Response: First, we note that inclusion of this provision as § 164.510(f)(5)(5) was a drafting error which subsequently was clarified in technical corrections to the NPRM. In fact, proposed § 164.510(f)(3) addressed the identical circumstances, which in this subsection were titled "Information about a Victim of Crime or Abuse." The scenarios described under § 164.510(f)(3) may or may not involve serious and imminent threats to health or safety.

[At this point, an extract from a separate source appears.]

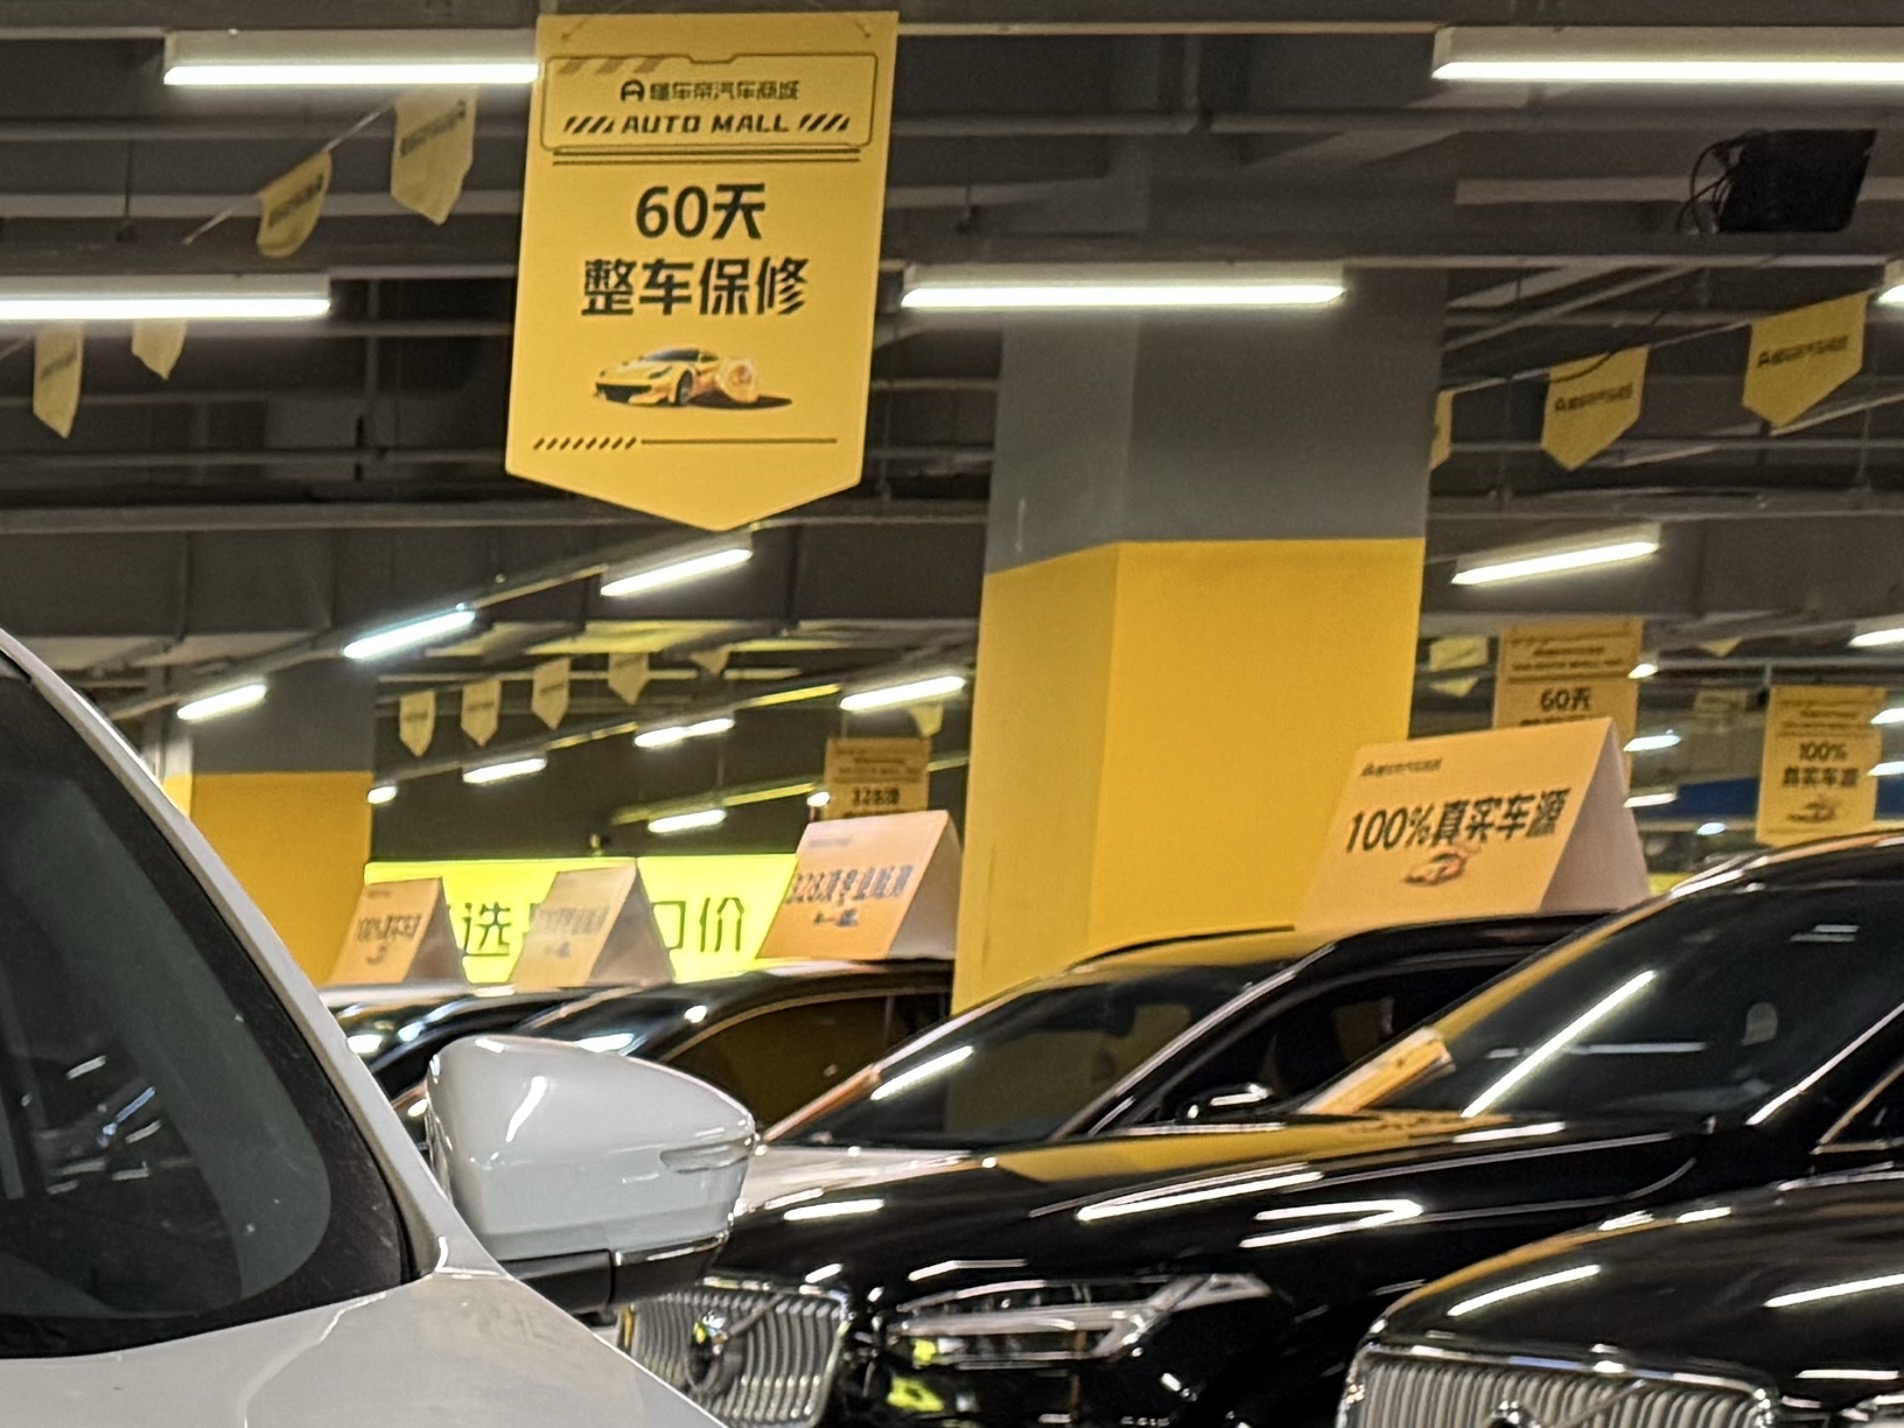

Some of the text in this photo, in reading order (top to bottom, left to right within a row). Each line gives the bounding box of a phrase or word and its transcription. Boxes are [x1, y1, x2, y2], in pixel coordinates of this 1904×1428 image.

[621, 114, 789, 134] AUTO MALL
[635, 183, 765, 240] 60天
[581, 256, 809, 317] 整车保修
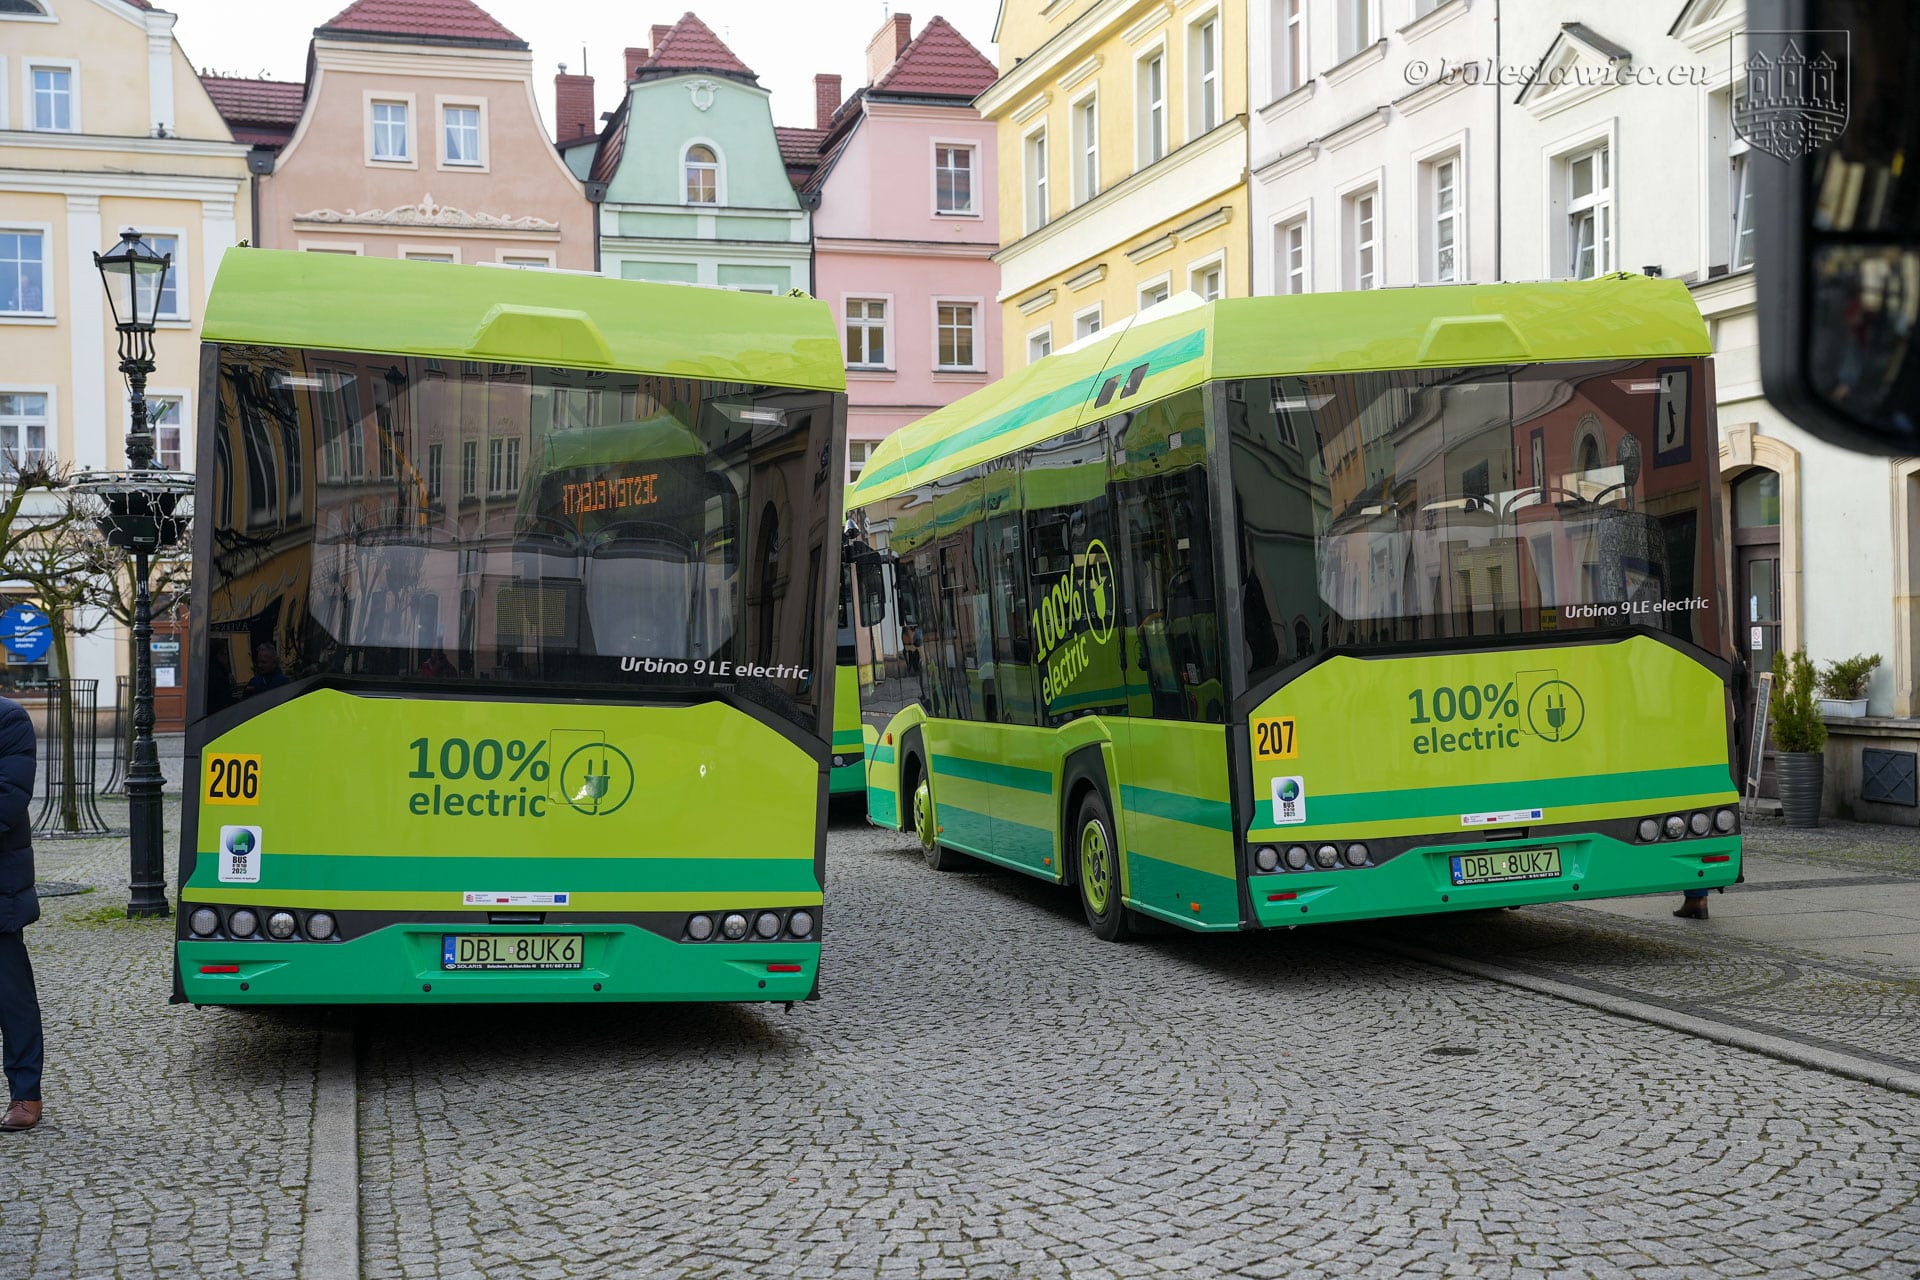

Second, as discussed in the main section of the preamble to § 164.512(j), we recognize that in some situations, more than one section of this rule potentially could apply with respect to a covered entity's potential disclosure of protected health information. We clarify that if a situation fits one section of the rule (e.g., § 164.512(j) on serious and imminent threats to health or safety), health plans and covered health care providers may disclose protected health information pursuant to that section, regardless of whether the disclosure also could be made pursuant to another section (e.g., §§ 164.512(f)(2) or 164.512(f)(3), regarding disclosure of protected health information about suspects or victims to law enforcement officials), except as otherwise stated in the rule.
Comment: A state health department indicated that the disclosures permitted under this section may be seen as conflicting with existing law in many states.
Response: As indicated in the regulation text for § 164.512(j), this section allows disclosure consistent with applicable law and standards of ethical conduct. We do not preempt any state law that would prohibit disclosure of protected health information in the circumstances to which this section applies. (See Part 160, Subpart B.)
Comment: Many commenters stated that the rule should require that any disclosures should not modify "duty to warn" case law or statutes.
Response: The rule does not affect case law or statutes regarding "duty to warn." In § 164.512(j), we specifically permit covered entities to disclose protected health information without authorization for the purpose of protecting individuals from imminent threats to health and safety, consistent with state laws and ethical obligations.